In recent years, human interactions with intelligent machines and software have become increasingly commonplace.

This can be attributed to developments in machine learning, a branch of artificial intelligence involving the integration of systems that can learn from data. Such systems include those that automatically sort your emails into spam folders and autocorrect your text messages.

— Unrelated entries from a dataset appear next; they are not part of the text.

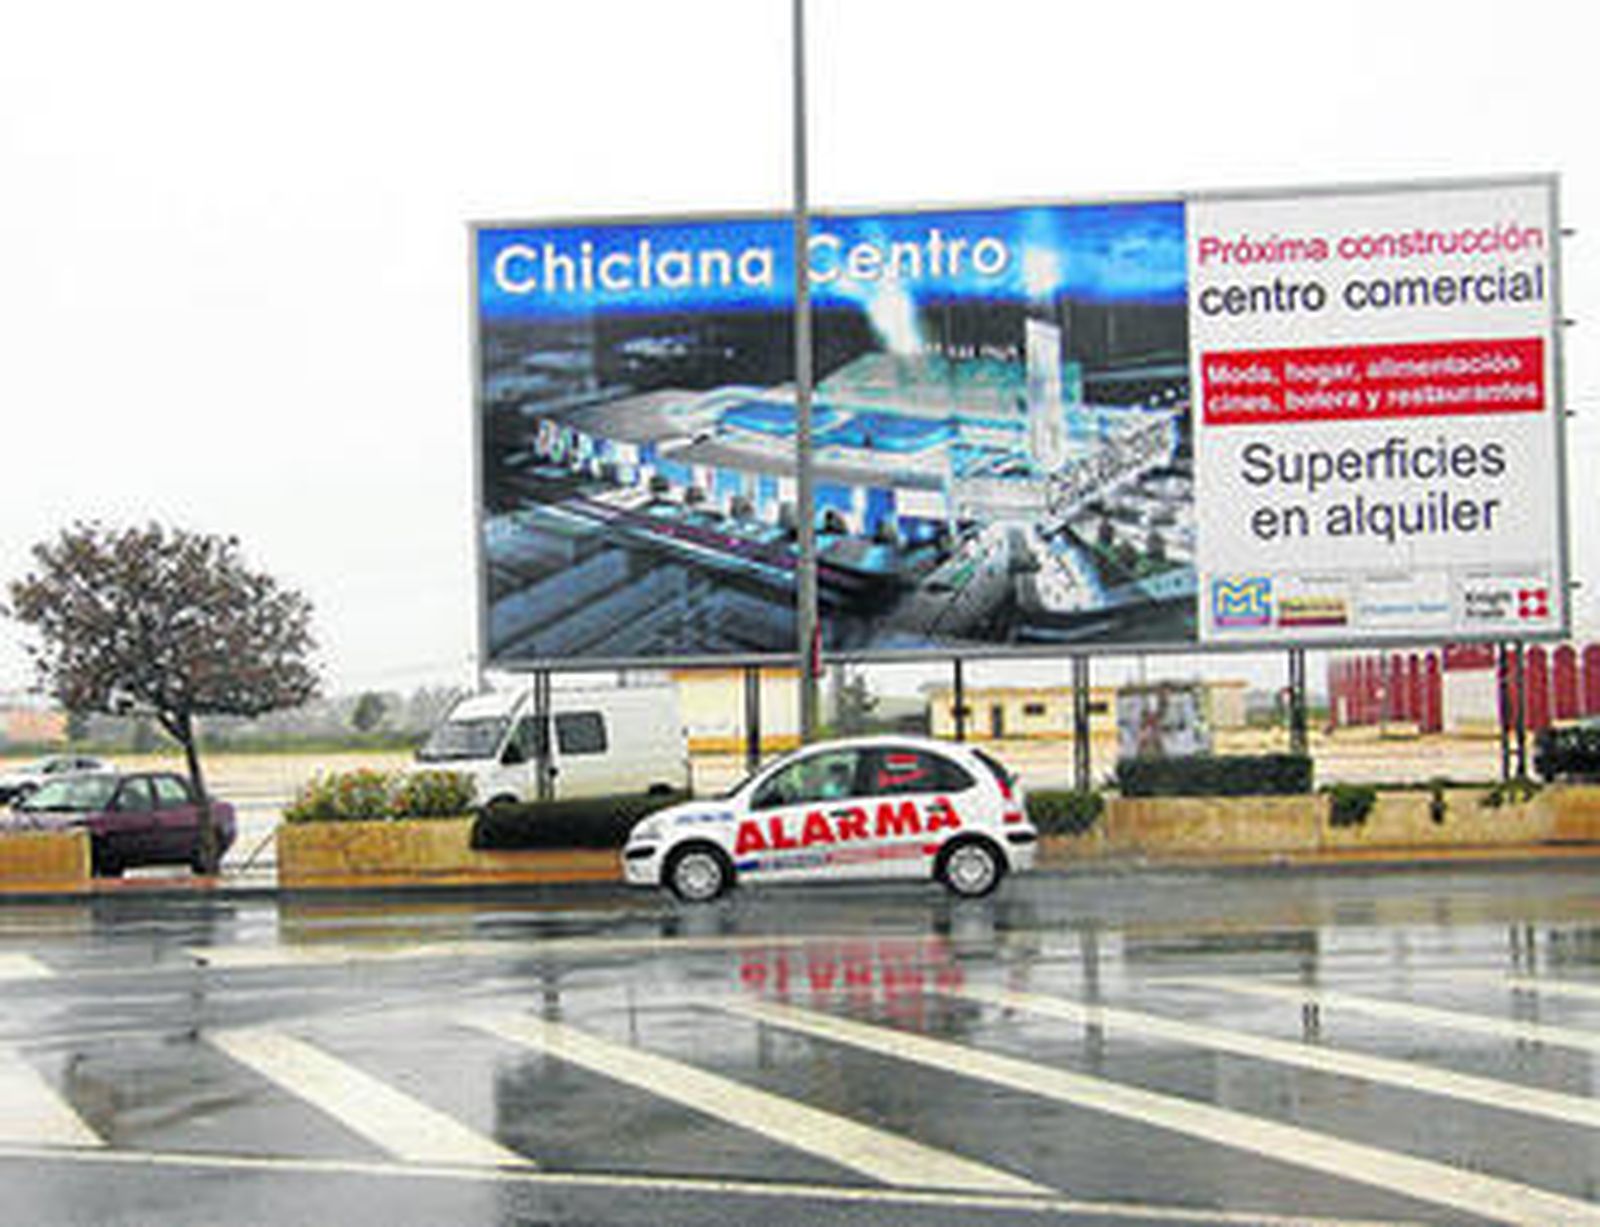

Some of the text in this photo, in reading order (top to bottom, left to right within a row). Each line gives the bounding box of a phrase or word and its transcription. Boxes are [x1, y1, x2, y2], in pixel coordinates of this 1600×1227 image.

[493, 227, 1009, 293] Chiclana Centro
[1198, 221, 1543, 266] Próxima construcción
[1200, 264, 1544, 316] centro comercial
[1366, 391, 1381, 411] y
[1241, 436, 1506, 491] Superficies
[1251, 491, 1500, 544] en alquiler
[735, 796, 961, 856] ALARMA
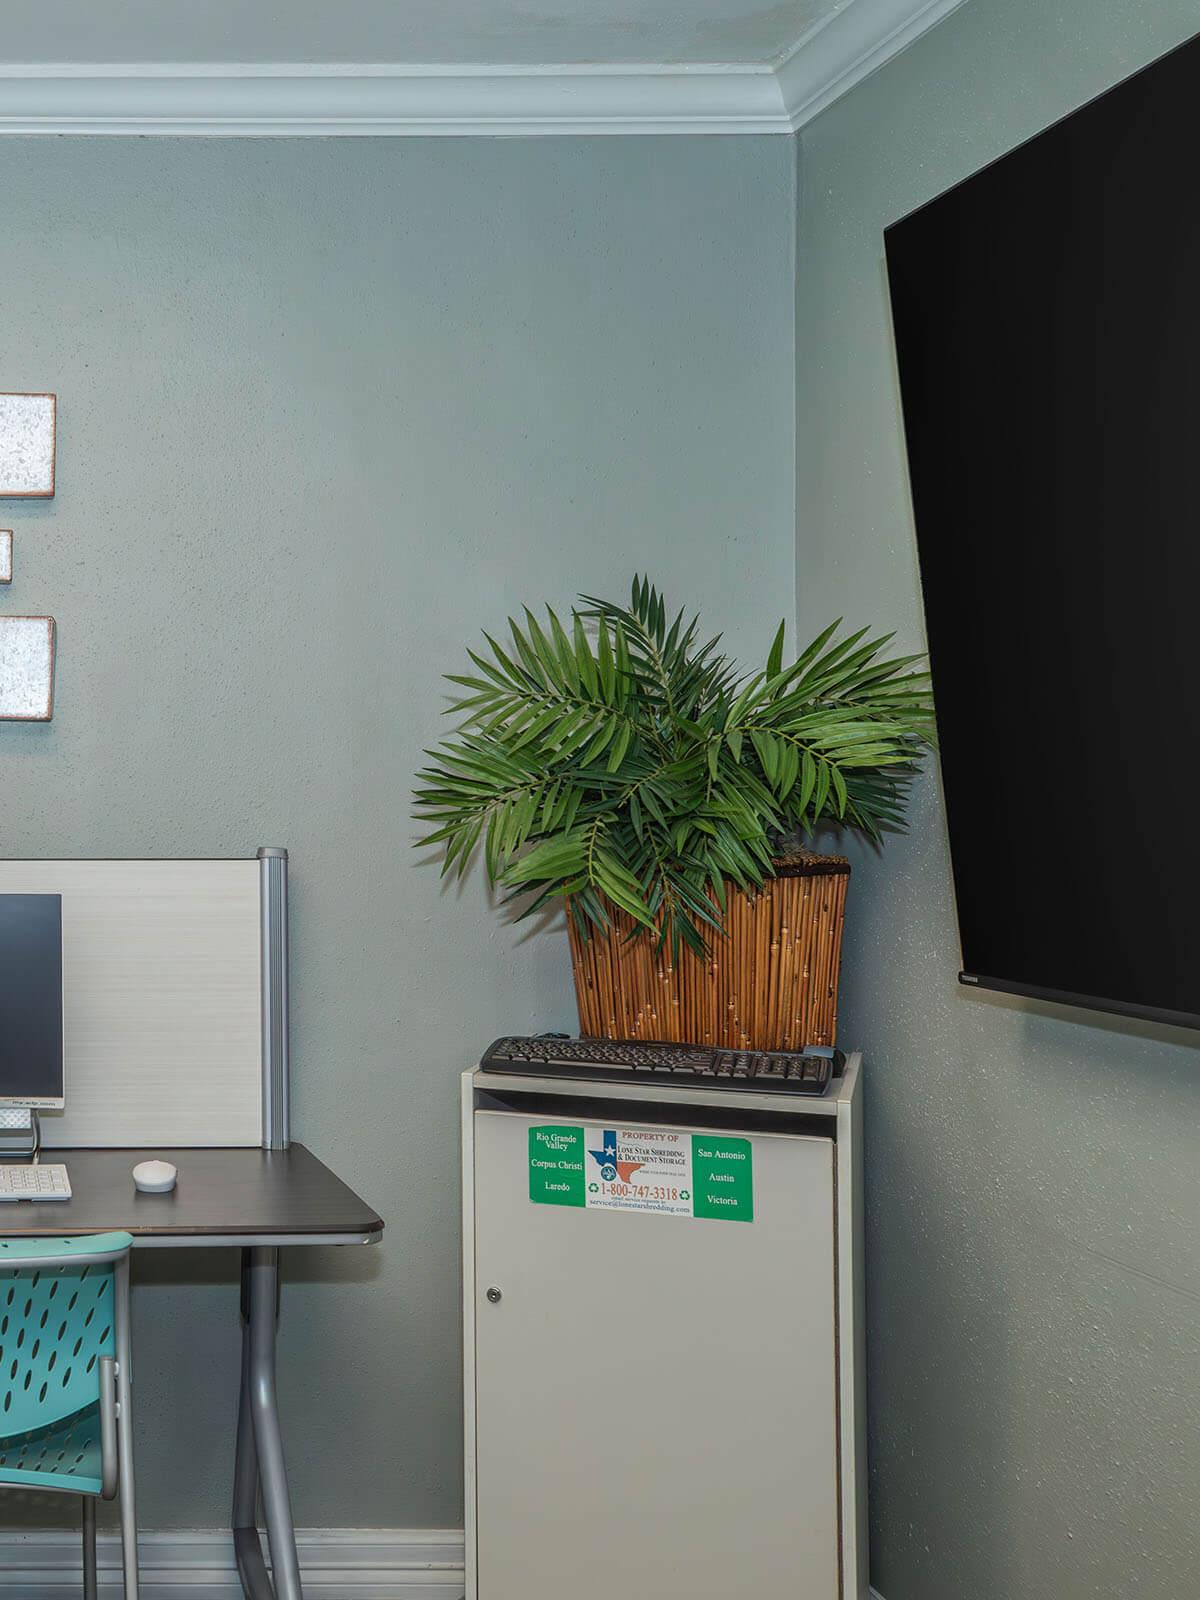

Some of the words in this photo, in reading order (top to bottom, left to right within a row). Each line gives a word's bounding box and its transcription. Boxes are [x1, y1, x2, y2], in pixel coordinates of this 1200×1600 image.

[536, 1132, 549, 1141] Rio
[551, 1134, 577, 1143] Grande
[622, 1131, 666, 1141] PROPERTY
[546, 1141, 569, 1152] Valley
[634, 1147, 650, 1155] STAR
[650, 1148, 686, 1157] SHREDDING
[625, 1154, 658, 1163] DOCUMENT
[659, 1156, 686, 1165] STORAGE
[697, 1148, 713, 1158] San
[714, 1150, 746, 1160] Antonio
[531, 1159, 557, 1169] Corpus
[558, 1160, 583, 1170] Christi
[709, 1173, 735, 1183] Austin
[545, 1181, 570, 1191] Laredo
[601, 1182, 678, 1200] 1-800-747-3318
[707, 1195, 738, 1206] Victoria
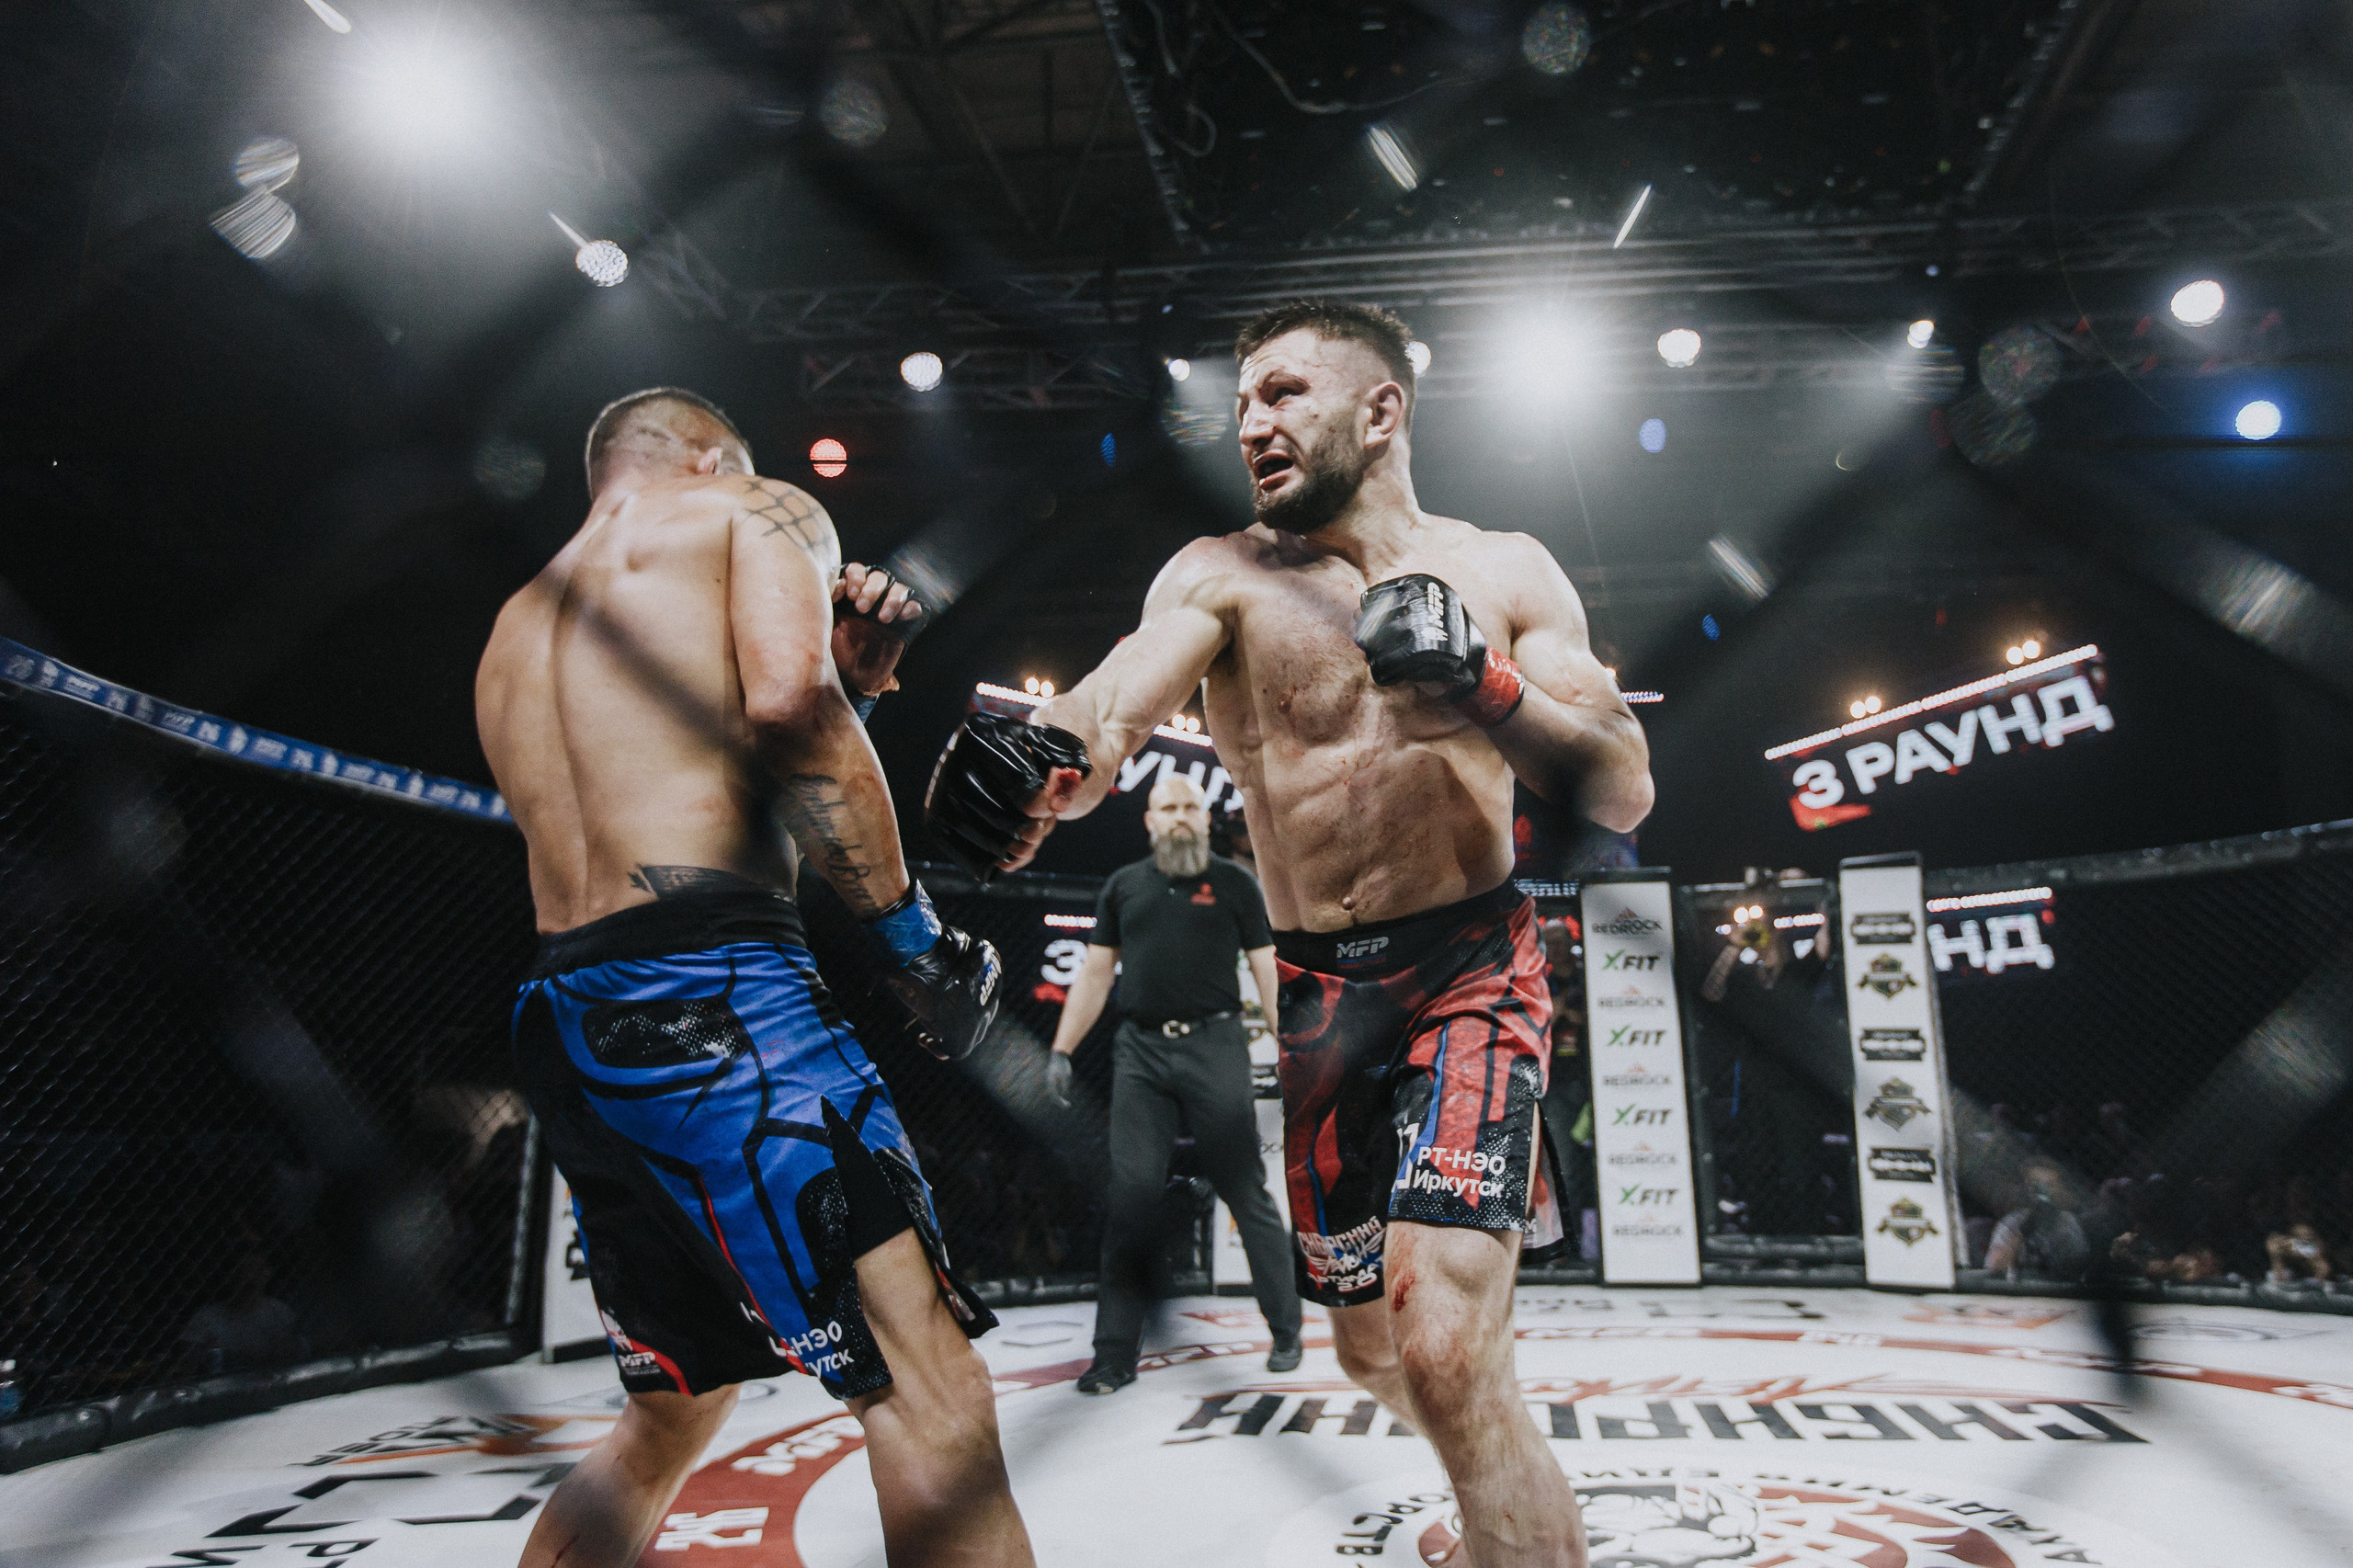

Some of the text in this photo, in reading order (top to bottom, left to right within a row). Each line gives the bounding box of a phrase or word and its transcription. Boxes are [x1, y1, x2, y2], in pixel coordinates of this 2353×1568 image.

[1792, 675, 2114, 809] 3 РАУНД
[1115, 750, 1245, 813] УНД
[1336, 936, 1390, 959] MFP
[1416, 1146, 1506, 1176] РТ-НЭО
[1412, 1169, 1506, 1199] Иркутск
[791, 1320, 843, 1356] НЭО

Despite the obvious influx of artificial intelligence in our society, humans are still needed to teach machines how to learn. One of the humans at the forefront of innovation in machine learning is Daniel Hsu, assistant professor of computer science. Hsu has developed novel algebraic machine learning algorithms and his research has also been instrumental in the advancement of active learning and differential privacy. While Hsu explores multiple sub-areas of machine learning, he is widely renowned for his work with Hidden Markov Models (HMMs), statistical models with applications in automated speech recognition, natural language processing, computational biology, and robotics.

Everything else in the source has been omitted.